Aquí se aprecia la importancia de la cultura del poeta, ese imperativo por el cual en su vida cotidia­na debe tender a convertirse en el más culto de los contemporáneos. Si el poeta busca de veras claridad y espera exorcizar sus mitos transformándolos en fi­guras, no cabe duda que sólo podrá decir que lo ha logrado cuando esa claridad lo sea para todos, un bien común en el que pueda reconocerse la cultura general de su tiempo. ¿Y qué significa esto sino que el estilo, el tono, el territorio por él descubierto, se incorporarán naturalmente al panorama histórico de su generación y contribuirán a componer el nuevo horizonte, la con­ciencia, fruto como son de un auténtico estupor que sólo los más progresistas y desprejuiciados medios de investigación han podido resolver en humano lengua­je? Pero —obsérvese— auténtico estupor significa estu­por auténtico, vale decir no falaz, vale decir ese residuo irracional que continúa siendo tal a la luz de la más científica teoría de la época. Antes de ser poetas somos hombres, es decir, conciencias que tienen el deber de darse, sometiéndose a la escuela social de la experien­cia, el mayor conocimiento posible. En cambio, todos los consejos, las reprimendas que los responsables de una generación dirigen a los poetas en cuanto tales, son en pocas palabras superfluos, exteriores, indecentes, como los consejos que la madre solía dar antaño a la hija en vísperas de la boda. El poeta verdadero ya se los ha dirigido a sí mismo, haciéndose culto. Mejor sería exhortar con vigor a la cultura y al conocimiento a los candidatos a la vida social —los jóvenes literatos, inge­nieros, seminaristas— e inculcarles que la dirección de la vida interior es una sola, la incansable demolición de los mitos, la reducción de toda perplejidad de estupor a claridad. Y luego, si alguno de ellos afirma que es poeta y da razonables esperanzas, dejarlo que se hunda en el abismo de su inquietud y esperar las consecuencias. Nadie que no sea él puede hallar el camino verdadero, pues sólo él conoce la meta.
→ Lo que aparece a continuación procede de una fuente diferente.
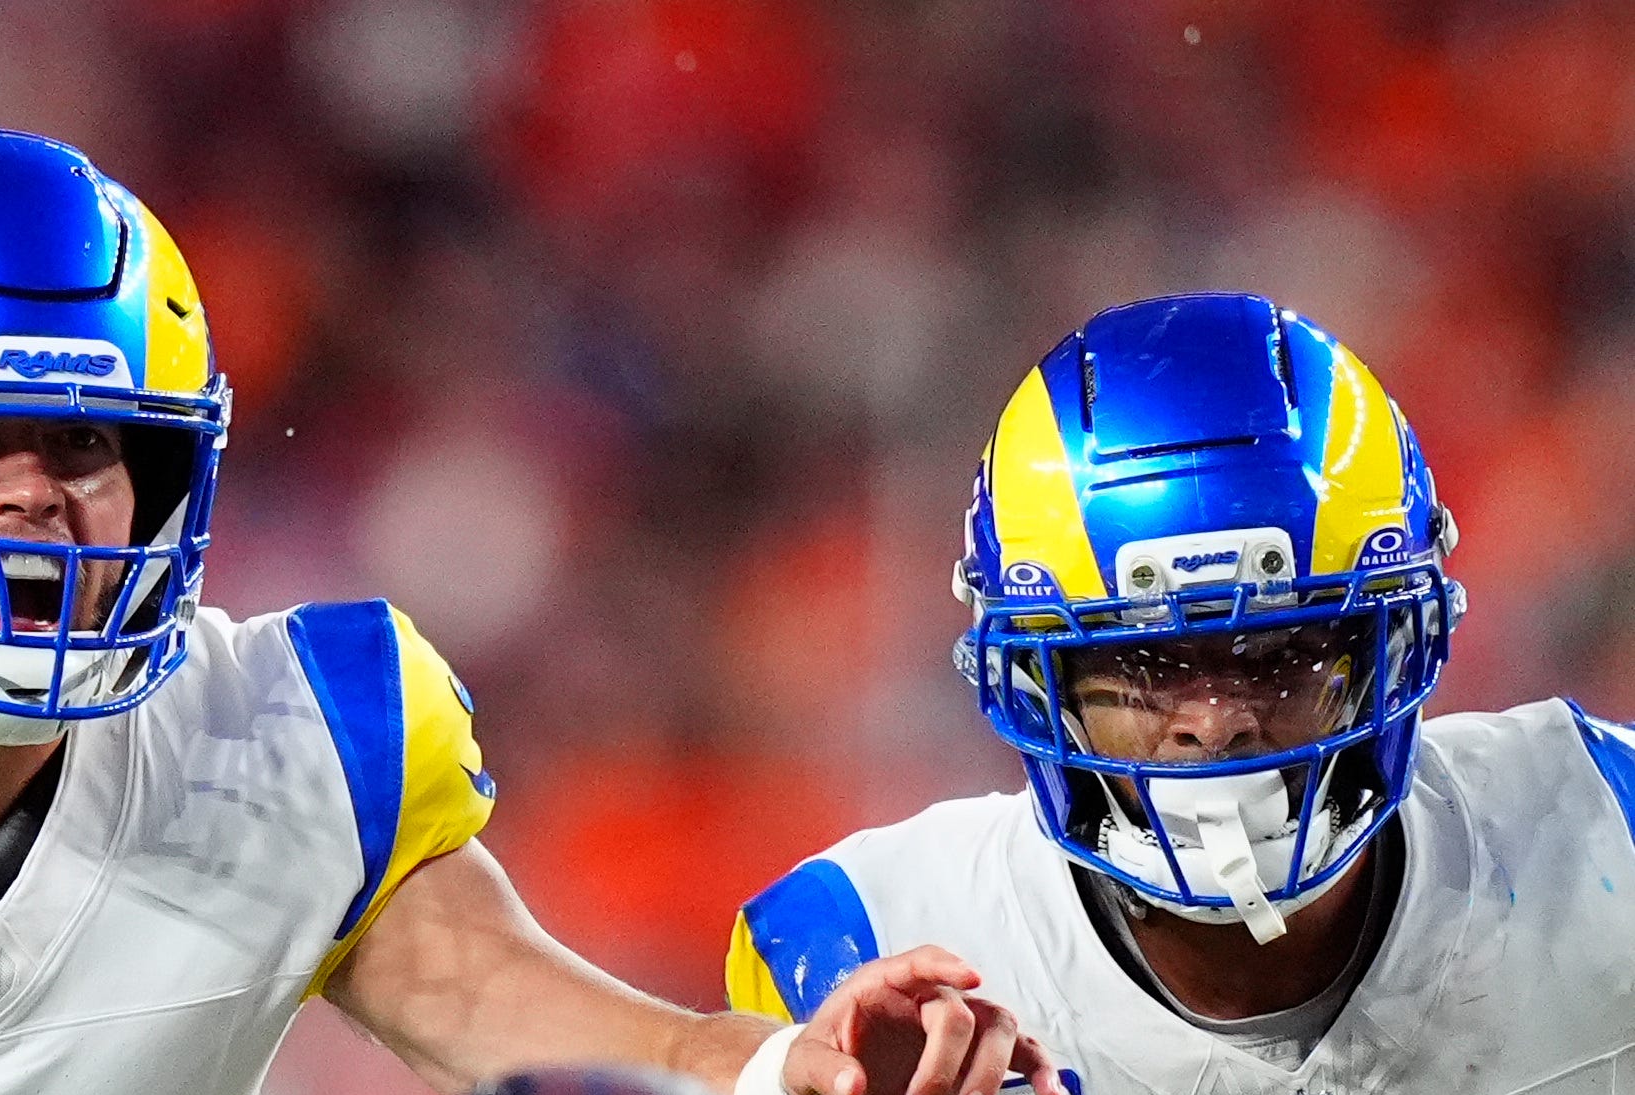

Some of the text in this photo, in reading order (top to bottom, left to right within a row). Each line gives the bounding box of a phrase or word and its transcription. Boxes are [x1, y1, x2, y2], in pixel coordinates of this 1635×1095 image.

[1171, 550, 1239, 573] RAMS
[1361, 550, 1410, 566] OAKLEY
[1003, 585, 1055, 597] OAKLEY
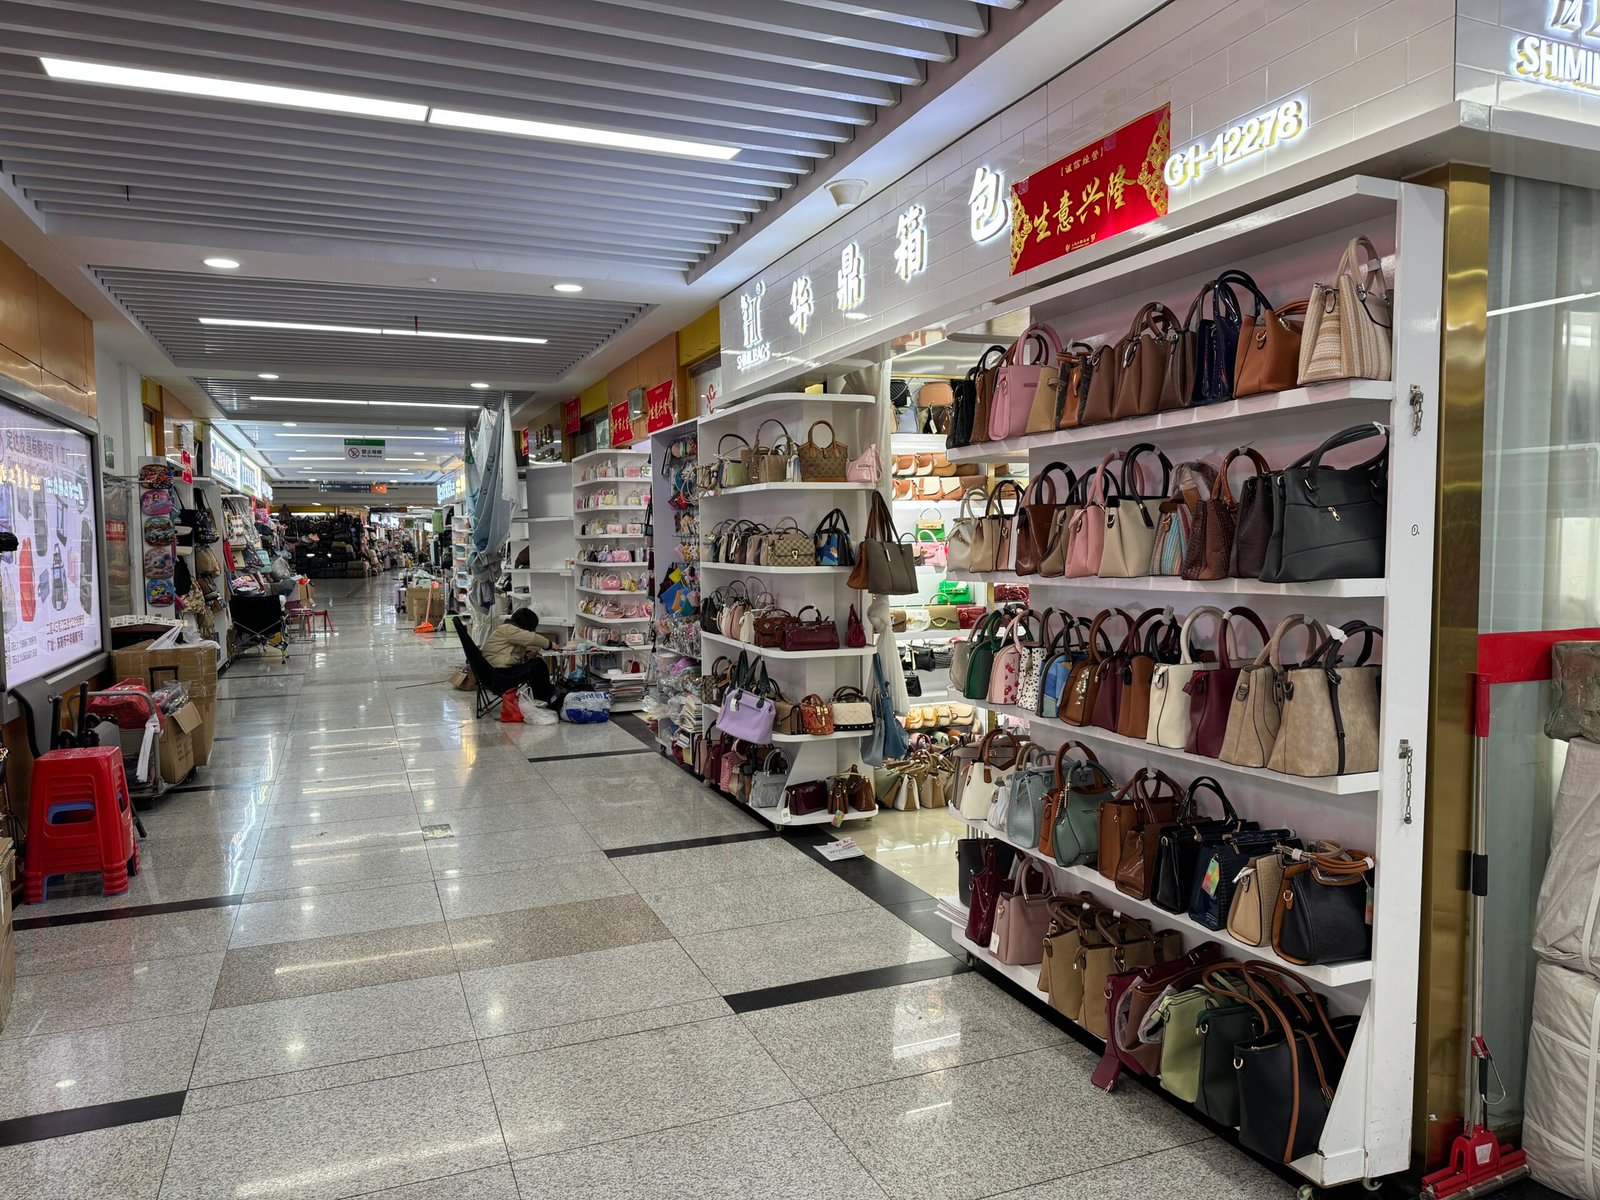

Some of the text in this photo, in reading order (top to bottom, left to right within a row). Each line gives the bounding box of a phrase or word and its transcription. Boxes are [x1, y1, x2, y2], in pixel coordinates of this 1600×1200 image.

[1164, 100, 1305, 187] G1-12278
[1032, 164, 1137, 242] 生意兴隆
[788, 166, 1010, 334] 华鼎箱包
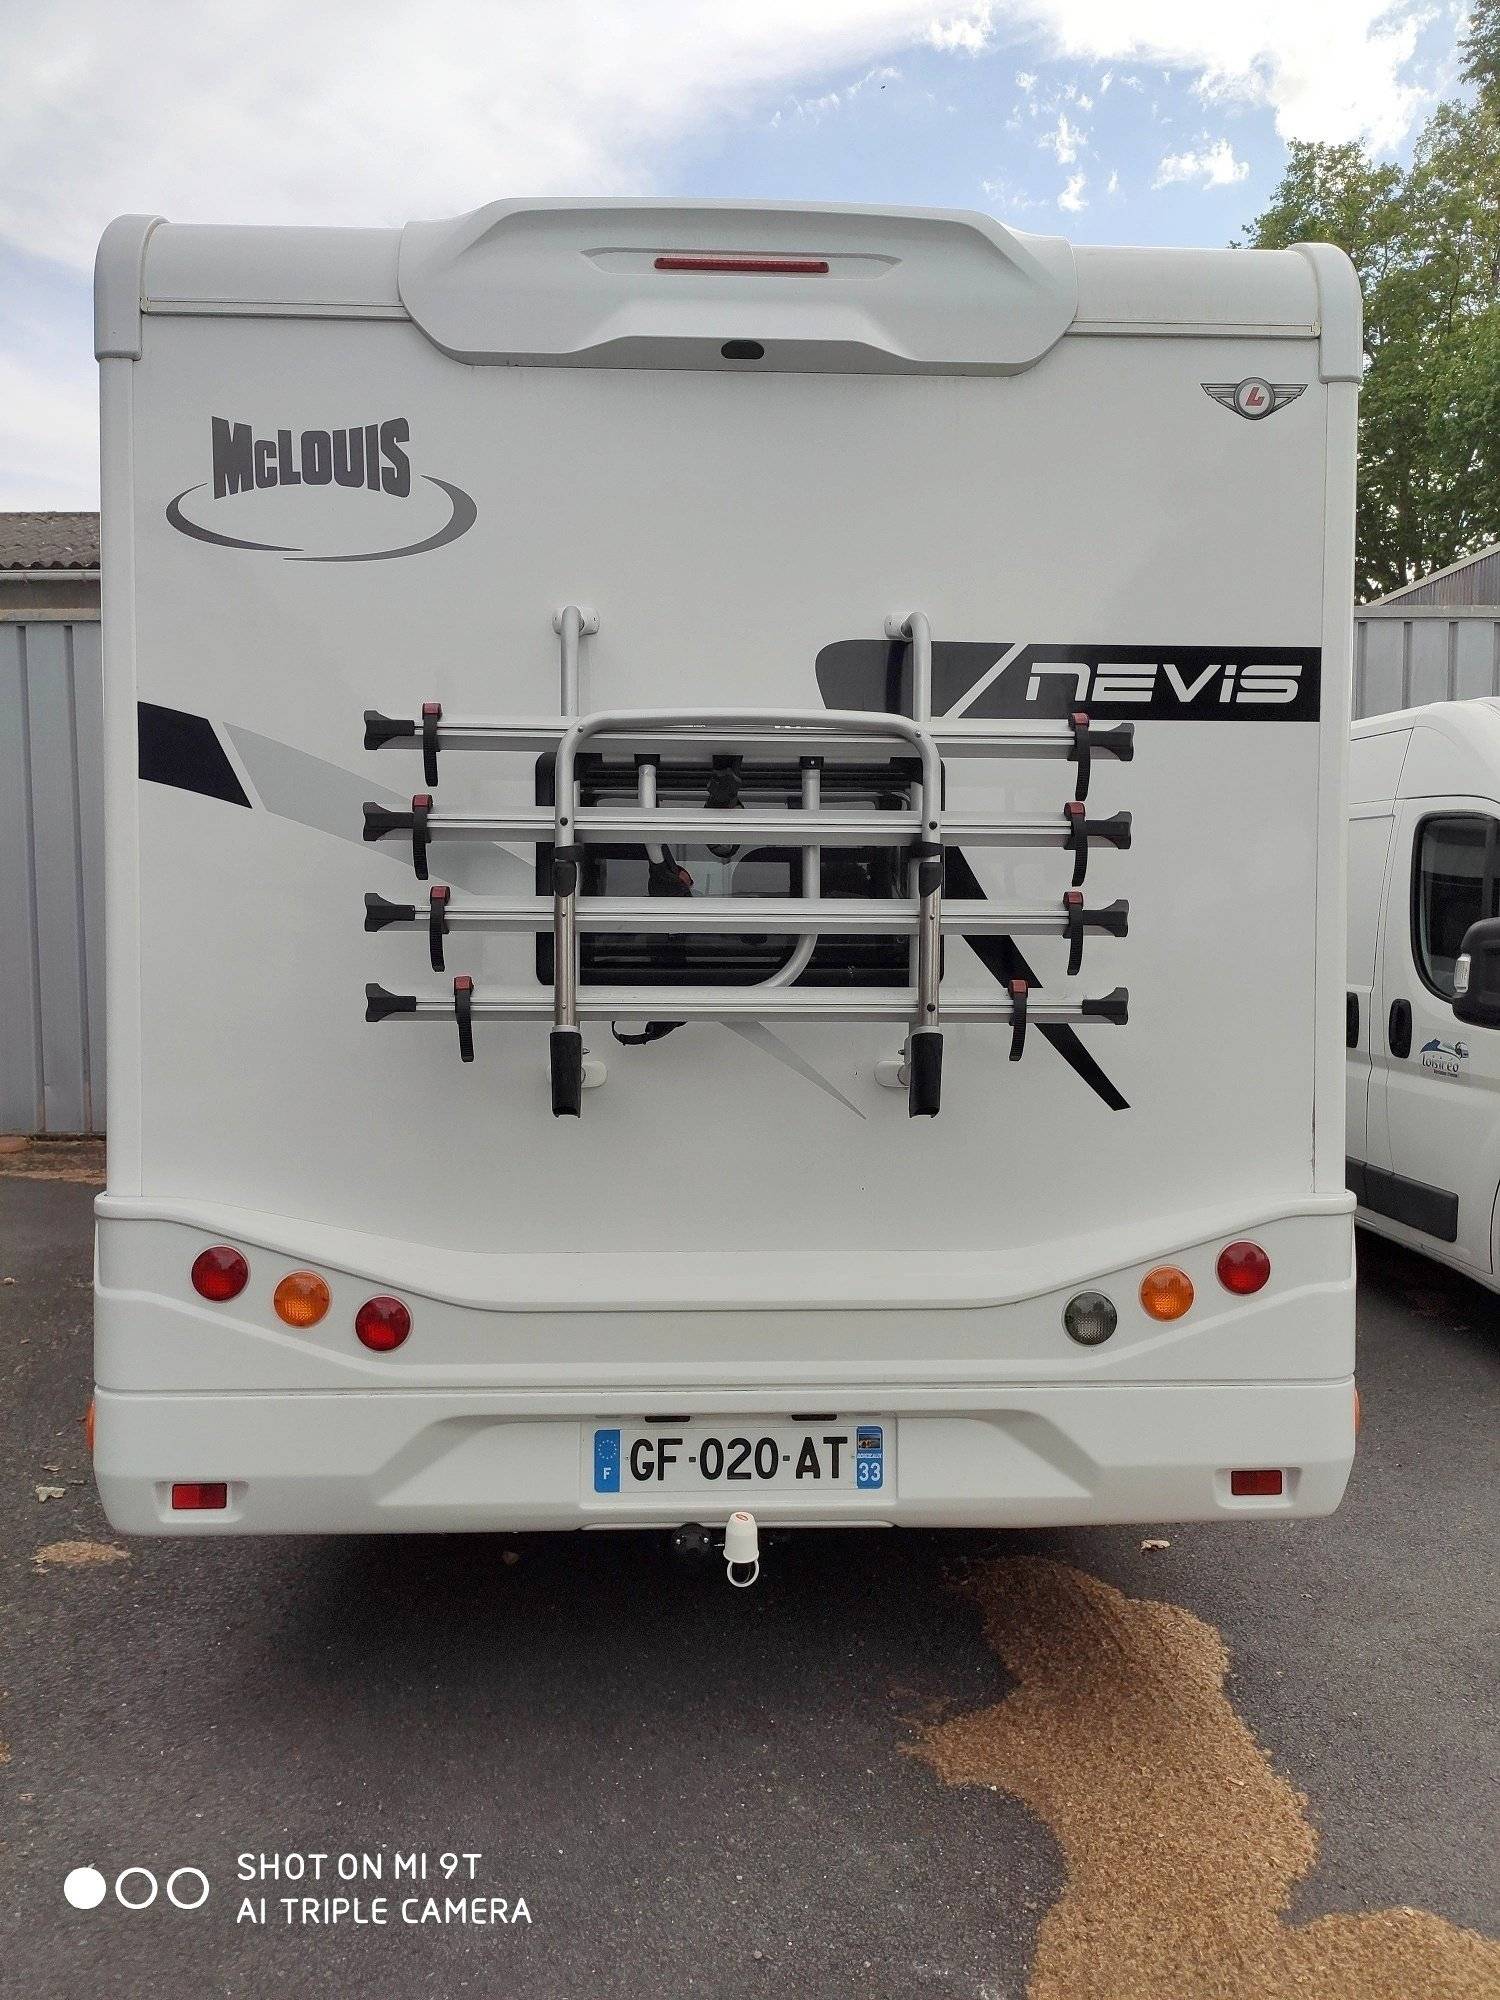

Jardines zoológicos, Regent’s Park, Marylebone, Londres, 1835.

* Fechado en el manuscrito: 31 de diciembre-8 de enero de 1949. Pu­blicado en Il sentiero dell’arte, Pesaro, 15 de marzo de 1949. Luego, Pavese agregó algunas leves correcciones para publicarlo en Cultura e realtà, donde apareció póstumamente, en el núm. 2 (julio-agosto de 1950). La versión que publicamos es la correcta.

Este ensayo pertenece al libro El oficio de poeta, de Cesare Pavese (selección y traducción de Rodolfo Alonso y Hugo Gola, Duino, Buenos Aires, 2018).